Write all entries out exactly, images excluded.
------------------------------------------------------------------------
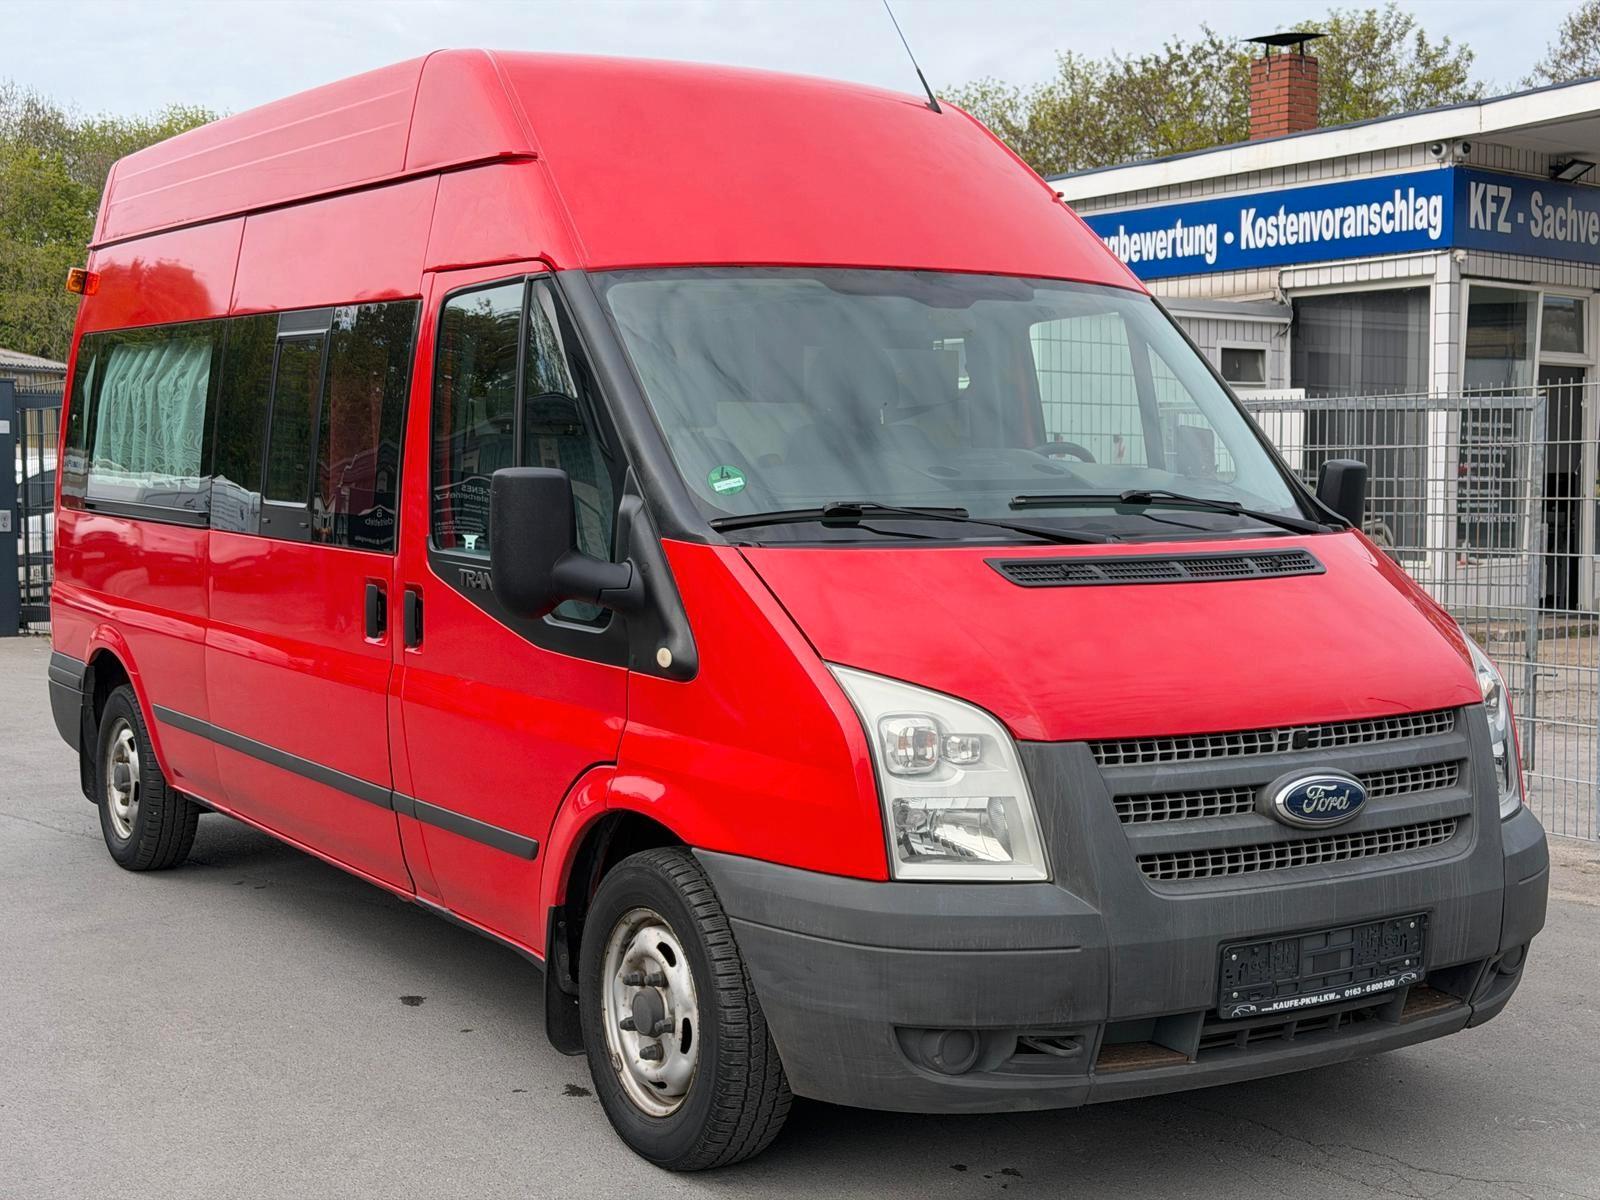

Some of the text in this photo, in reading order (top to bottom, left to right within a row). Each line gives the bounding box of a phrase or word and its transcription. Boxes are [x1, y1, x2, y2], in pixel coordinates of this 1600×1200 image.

[1103, 187, 1443, 265] bewertung Kostenvoranschlag
[1470, 181, 1512, 234] KFZ
[1530, 190, 1600, 245] Sachve
[1303, 784, 1350, 813] Ford
[1345, 987, 1361, 997] 0163
------------------------------------------------------------------------
#### Solution to the problem:
Some of the text in this photo, in reading order (top to bottom, left to right within a row). Each line gives the bounding box of a phrase or word and its transcription. Boxes are [x1, y1, x2, y2], in pixel coordinates of this 1600×1200 image.

[1103, 187, 1443, 265] bewertung Kostenvoranschlag
[1470, 181, 1512, 234] KFZ
[1530, 190, 1600, 245] Sachve
[1303, 784, 1350, 813] Ford
[1345, 987, 1361, 997] 0163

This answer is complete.